How Isis’ oil could fuel our cars

I combattenti dell’Isis controllano numerosi giacimenti. Secondo alcune inchieste, parte del greggio passerebbe per la Turchia e raggiungerebbe l’Europa.

To carry out war – like the one triggered by Isis over Syria and Iraq and then “exported” to Western countries in the form of terrorism – money is needed. A lot of money. For this reason, the Islamic State’s army has identified a set of measures to finance itself.


An article published by The Financial Times in October denounced that “the trade in oil has been declared a prime target by the international military coalition fighting the group. And yet it goes on, undisturbed”. Thanks to revenues deriving from it, fundamentalists can buy arms and resources needed to fuel their war machine.

“Dozens of interviews with Syrian traders and oil engineers as well as western intelligence officials and oil experts reveal a sprawling operation almost akin to a state oil company,” the newspaper reports. From the oilfields of al-Omar and al-Jabsah in Syria to Ajil and Allas fields in Iraq, there are numerous oilfields managed by Isis. Fundamentalists also recruited skilled workers, from engineers to managers, in order to maximise profits. Indeed, they reached an estimated production of 34-40 thousand barrels per day. Considering that oil is sold for 20 to 45 dollars per barrel, we can easily assume daily revenues worth 1.5 million dollars. As for cash money, according to a study published by UK Treasury, fundamentalists can count on a network of complaisant local banks.
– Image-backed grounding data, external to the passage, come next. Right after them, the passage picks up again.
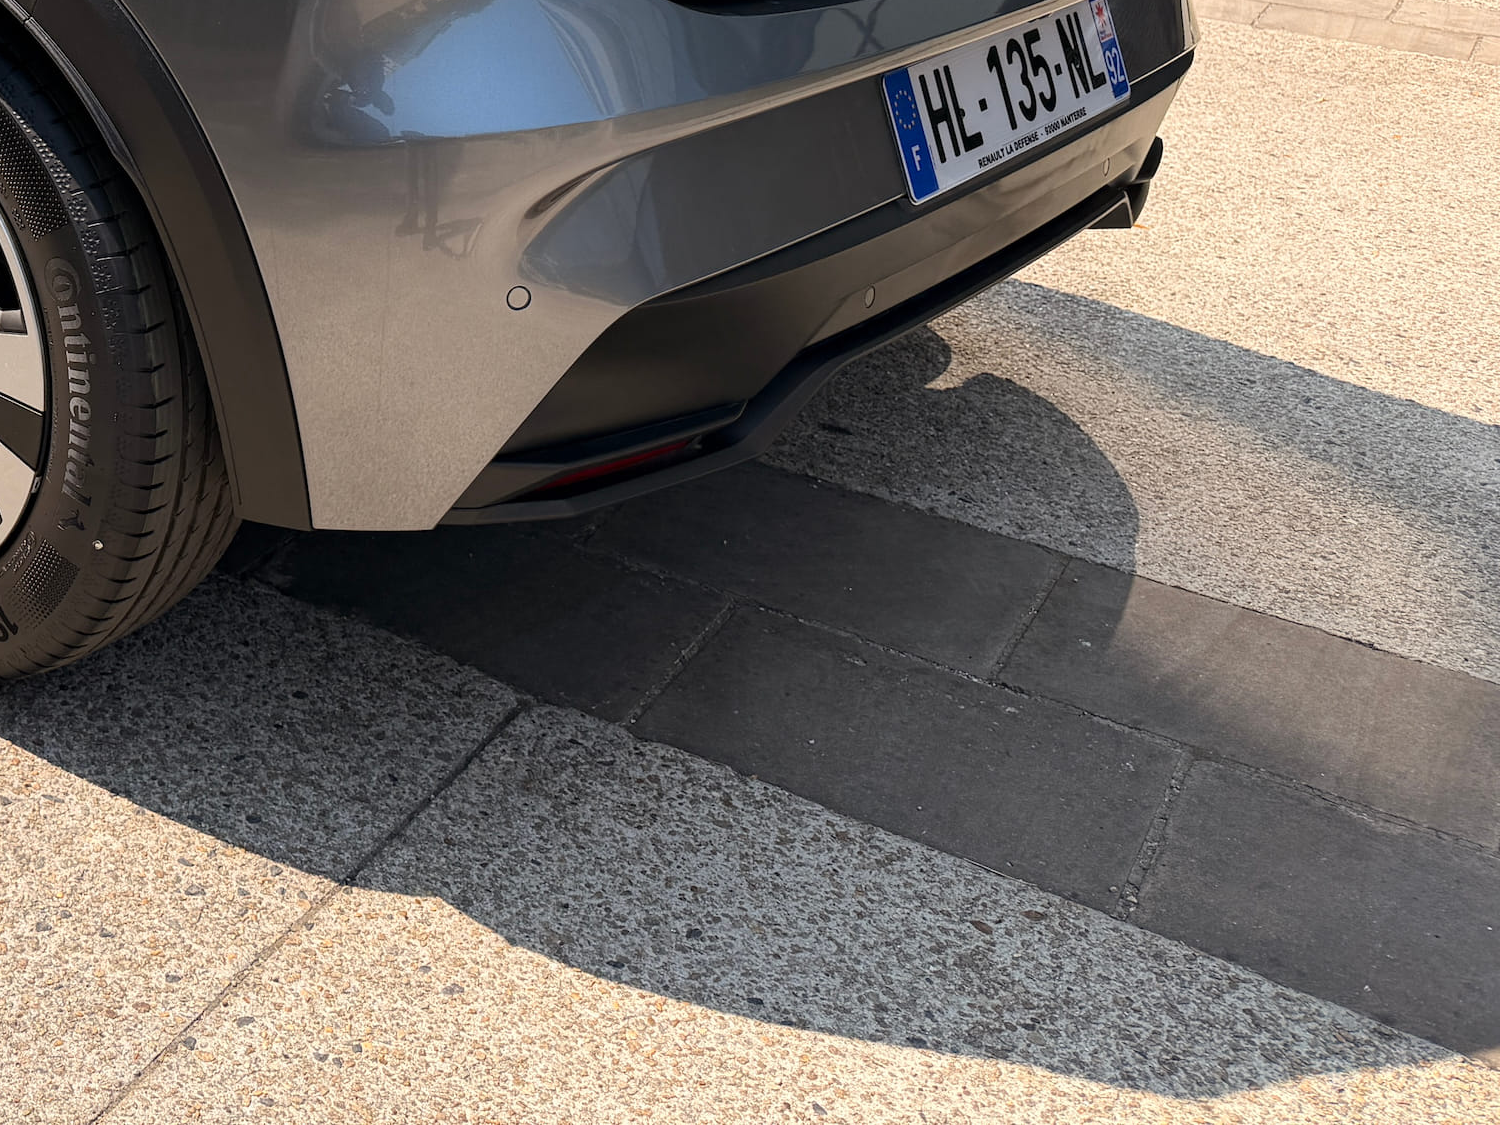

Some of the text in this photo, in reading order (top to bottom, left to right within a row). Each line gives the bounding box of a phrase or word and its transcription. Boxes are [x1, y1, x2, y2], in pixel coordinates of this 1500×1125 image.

[1105, 47, 1126, 85] 92
[977, 147, 1006, 169] RENAULT
[1005, 144, 1015, 155] LA
[1014, 131, 1040, 151] DEFENSE
[1044, 122, 1061, 136] 92000
[1060, 106, 1087, 127] NANTERRE
[911, 144, 922, 172] F
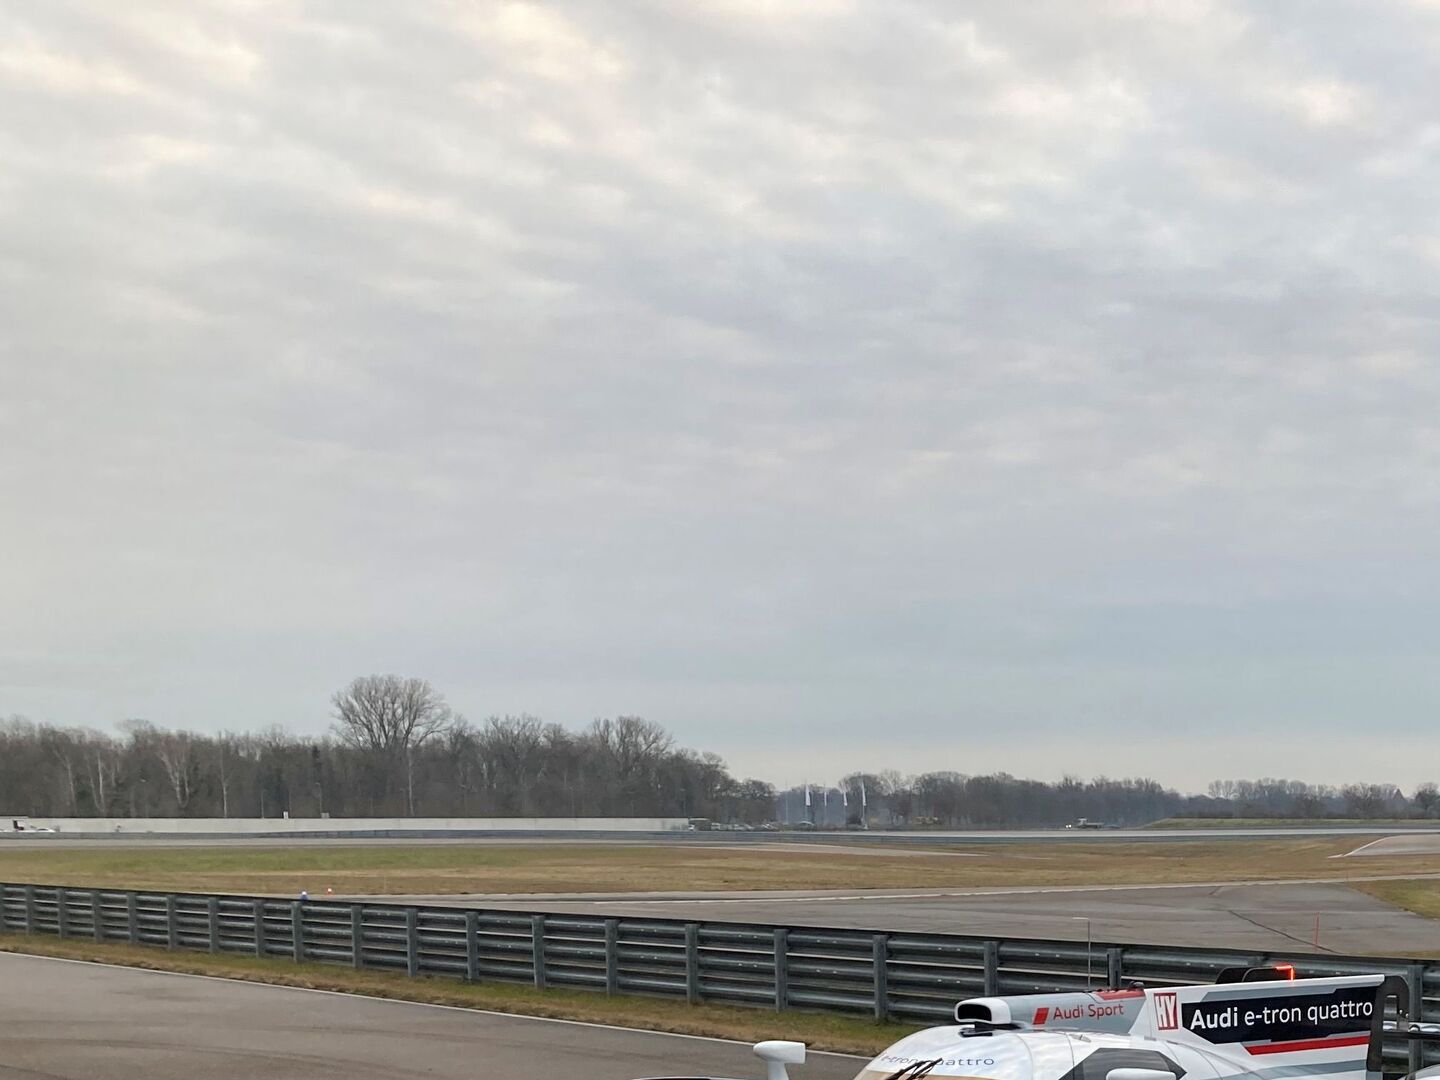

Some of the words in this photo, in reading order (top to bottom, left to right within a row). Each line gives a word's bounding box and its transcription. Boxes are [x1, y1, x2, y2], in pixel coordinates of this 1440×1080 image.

[1053, 1005, 1084, 1020] Audi
[1088, 1003, 1124, 1022] Sport
[1154, 994, 1178, 1028] HY
[1190, 1007, 1239, 1030] Audi
[1244, 1007, 1302, 1026] e-tron
[1307, 1000, 1374, 1025] quattro
[931, 1057, 995, 1067] uattro
Some Iraqi oilfields have been seized by Baghdad’s government army in April. Isis, over 10 months only, has gained 450 million dollars. This is the great difference between al-Qaeda and the Islamic State: the former is an organisation living on donations from wealthy foreign sponsors, whilst the latter tries to establish itself as an independent system. The question that now arises is: who do fundamentalists sell oil to? In the area they control, the entire society depends on DAESH’s oil. Hospitals, shops, agricultural machinery, and electricity generators do need diesel, and estimates show that fundamentalists control an area populated by some 10 million people.


SINJAR, IRAQ - NOVEMBER 15:  Peshmerga forces take positions on November 15, 2015 in Sinjar, Iraq. Kurdish forces, with the aid of massive U.S.-led coalition airstrikes, liberated the town from ISIL extremists, known in Arabic as Daesh, in recent days. Although many minority Yazidis celebrated the victory, their home city of Sinjar lay in almost complete ruins. Local Yazidi fighters wo fought with Kurdish forces and some former residents have been taking any salvagable items out of the rubble, the town being uninhabitable and perilously close to the frontline.  (Photo by John Moore/Getty Images)
Oil fuels Isis’ war in Syria and Iraq ©John Moore/Getty Images


Abroad, there are many realities buying oil from Isis, sometimes unwittingly, sometimes not. According to the UK newspaper, even Syrian rebels, who fight against the Islamic State, are forced to buy diesel for their provisions. There’s more: an investigative report carried out by the monthly newspaper Alternatives Economiques shows how Isis would be able to sell oil in the international market, thanks to smuggling networks spreading crude oil towards Turkey.

A situation that has been confirmed by experts, interviewed by the New York Times in 2014, which talked about truckloads that pass through Turkey thanks to bribes, headed to Europe. Just a year ago, the EU ambassador in Iraq, Jana Hybaskova, clearly declared that some member states buy oil from Isis. On 16 November, Russia’s President Vladimir Putin said he personally saw satellite images of truck convoys of tens of kilometres. Headed to global markets.